- Input data:

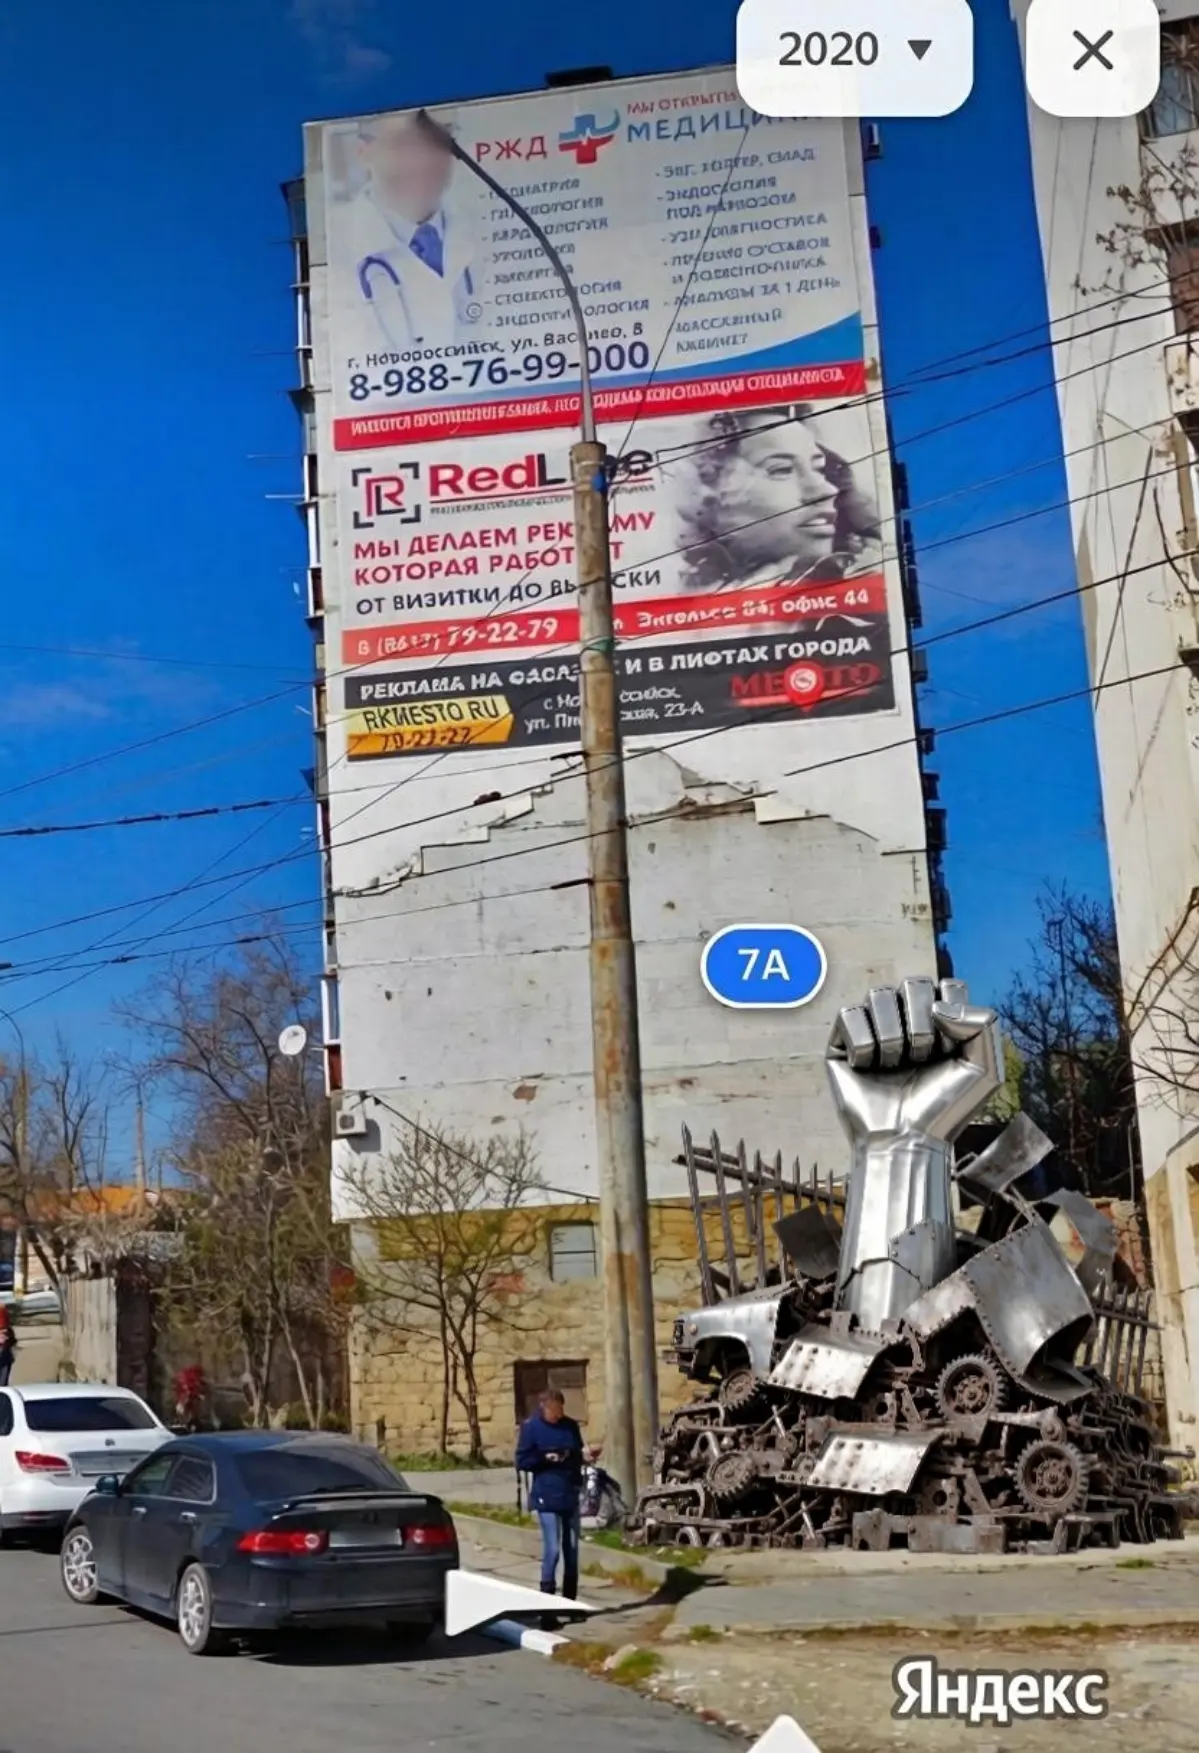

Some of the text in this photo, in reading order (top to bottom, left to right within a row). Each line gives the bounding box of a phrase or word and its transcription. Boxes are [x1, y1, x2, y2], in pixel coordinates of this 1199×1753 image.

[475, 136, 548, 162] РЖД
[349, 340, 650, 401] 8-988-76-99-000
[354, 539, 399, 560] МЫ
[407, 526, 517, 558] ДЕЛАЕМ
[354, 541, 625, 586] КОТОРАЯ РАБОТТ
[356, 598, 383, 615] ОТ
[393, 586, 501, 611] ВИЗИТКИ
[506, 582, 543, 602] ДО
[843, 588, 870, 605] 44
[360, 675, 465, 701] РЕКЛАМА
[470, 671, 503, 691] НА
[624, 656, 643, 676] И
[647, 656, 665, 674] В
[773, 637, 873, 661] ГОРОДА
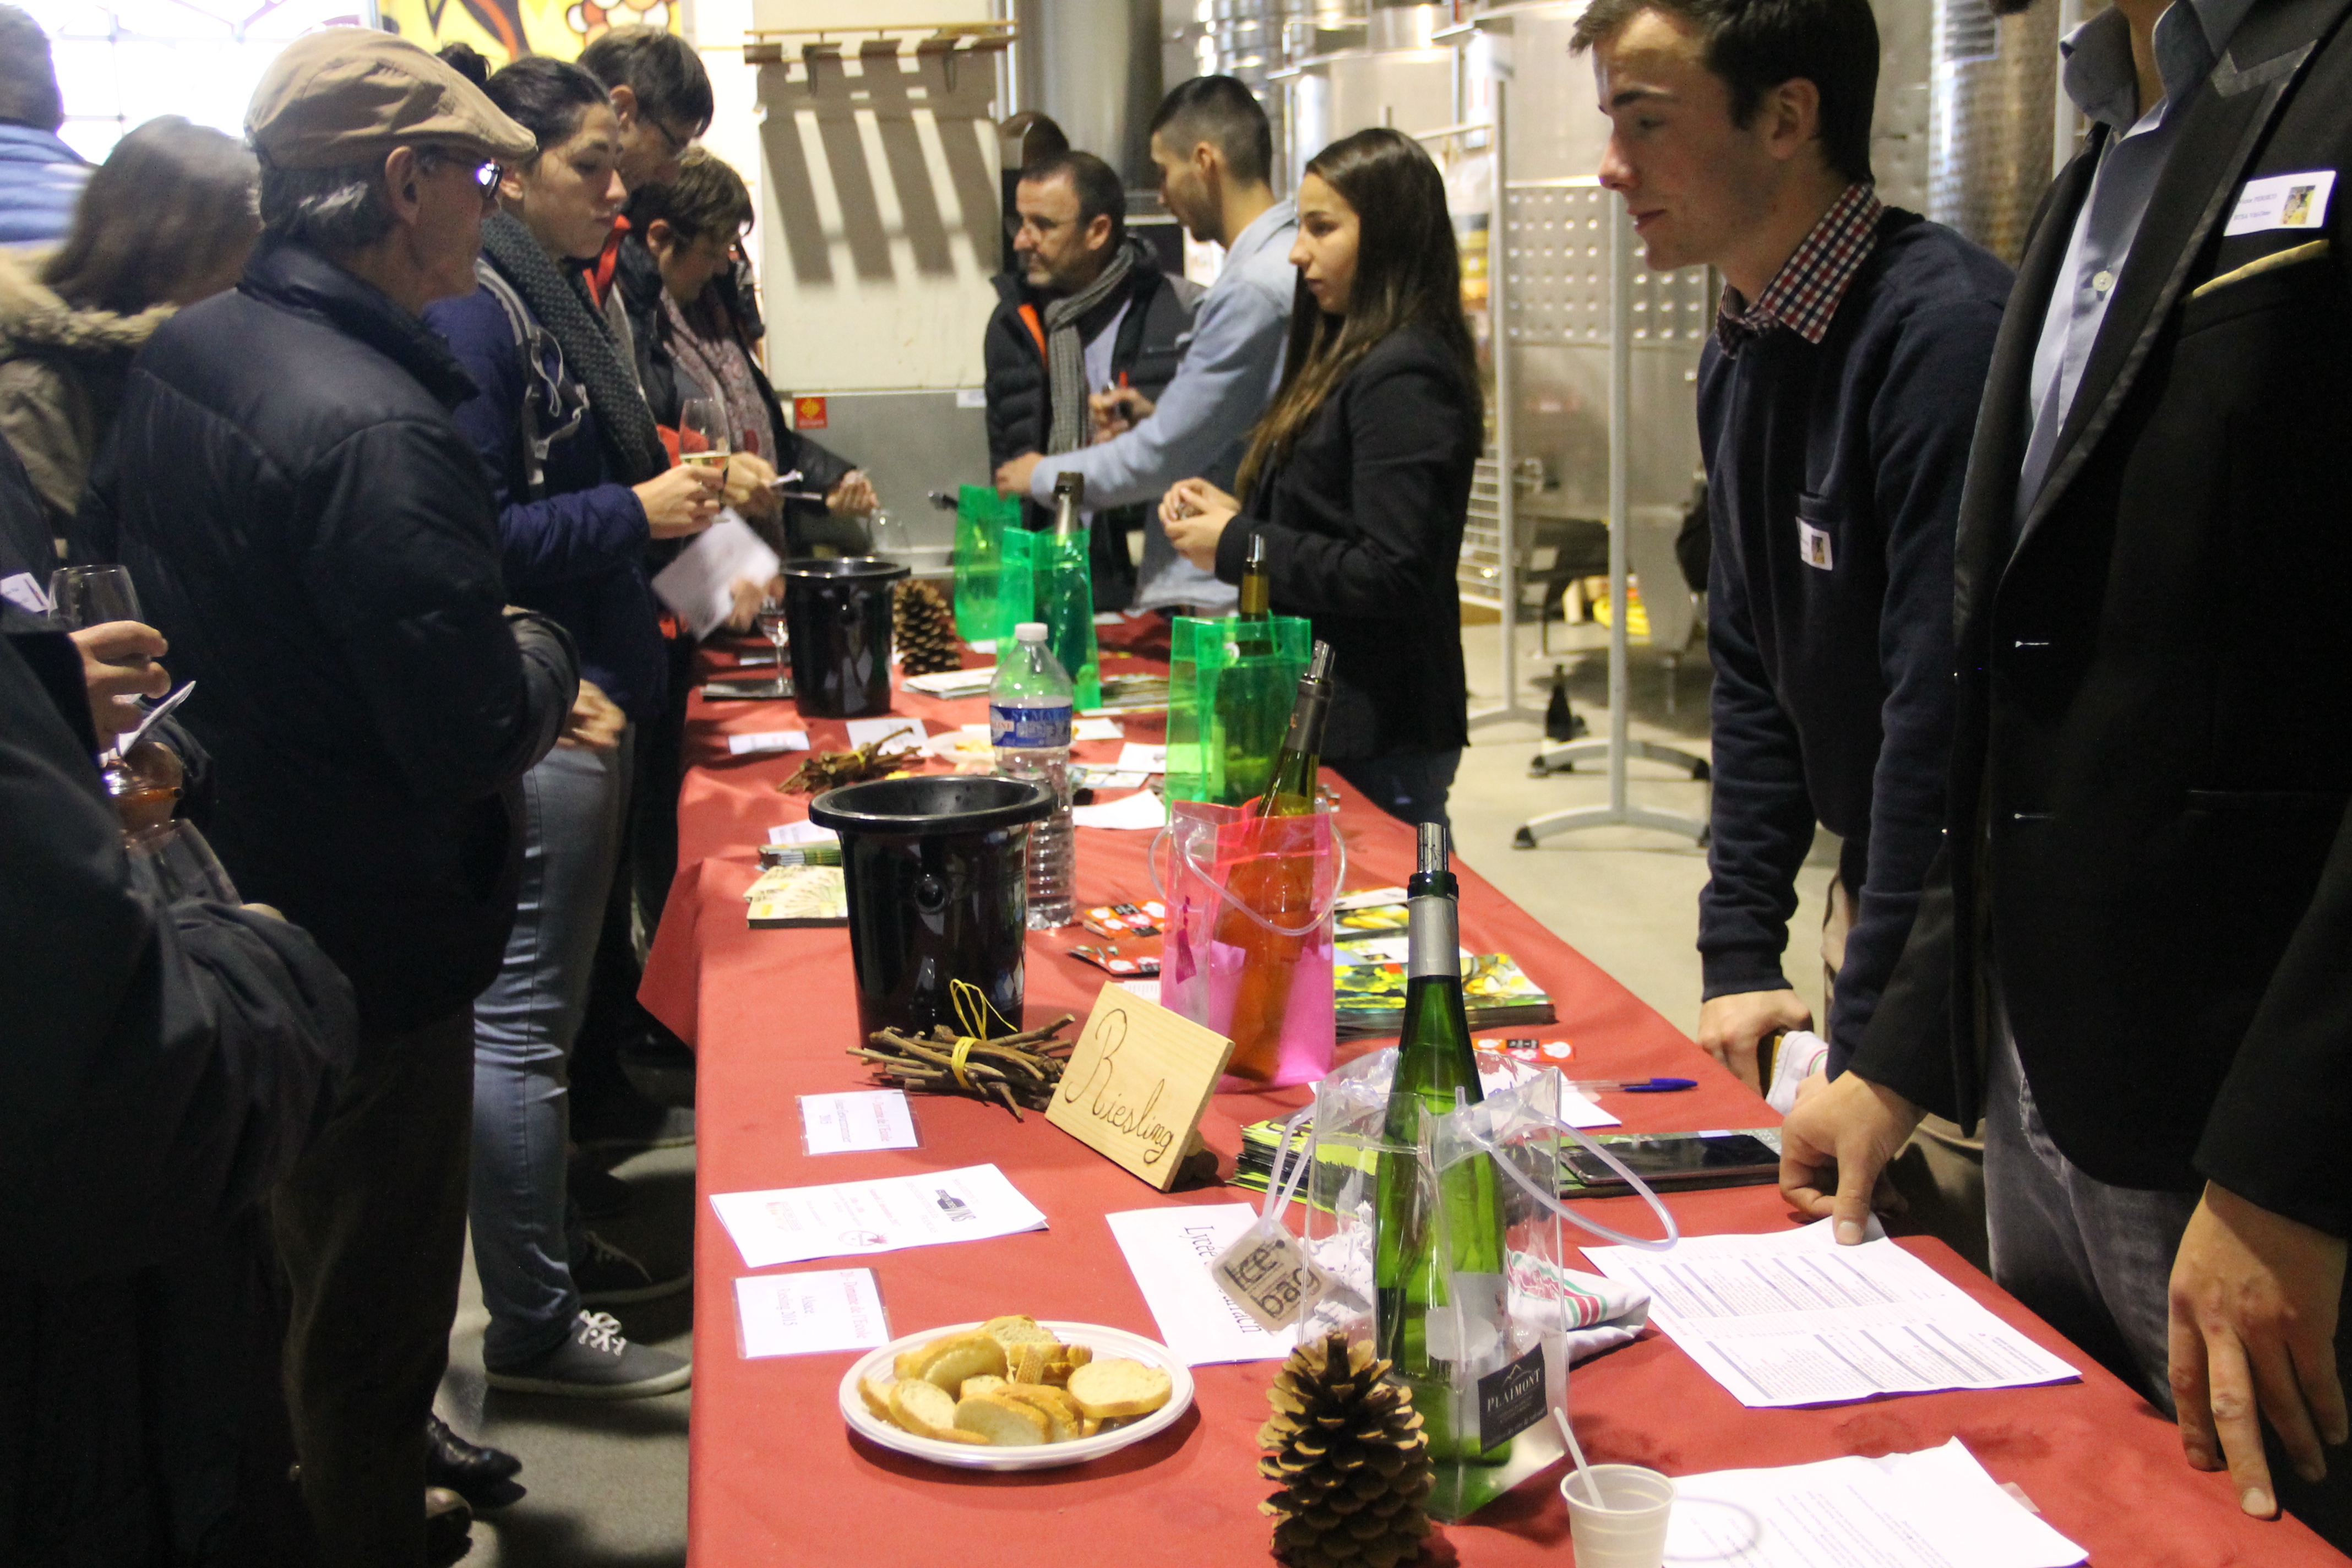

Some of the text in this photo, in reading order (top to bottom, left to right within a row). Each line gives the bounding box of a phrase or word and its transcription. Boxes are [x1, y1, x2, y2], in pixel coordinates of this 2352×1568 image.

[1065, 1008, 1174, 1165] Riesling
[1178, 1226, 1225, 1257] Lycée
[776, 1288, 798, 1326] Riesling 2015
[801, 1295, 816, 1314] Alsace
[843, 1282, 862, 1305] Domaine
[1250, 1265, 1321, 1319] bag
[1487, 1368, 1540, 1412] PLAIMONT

- Task goal:
Please extract exactly, and only, the lines from the line containing "this 2352×1568 image." through the last line of the records.

- Answer space:
Some of the text in this photo, in reading order (top to bottom, left to right within a row). Each line gives the bounding box of a phrase or word and its transcription. Boxes are [x1, y1, x2, y2], in pixel coordinates of this 2352×1568 image.

[1065, 1008, 1174, 1165] Riesling
[1178, 1226, 1225, 1257] Lycée
[776, 1288, 798, 1326] Riesling 2015
[801, 1295, 816, 1314] Alsace
[843, 1282, 862, 1305] Domaine
[1250, 1265, 1321, 1319] bag
[1487, 1368, 1540, 1412] PLAIMONT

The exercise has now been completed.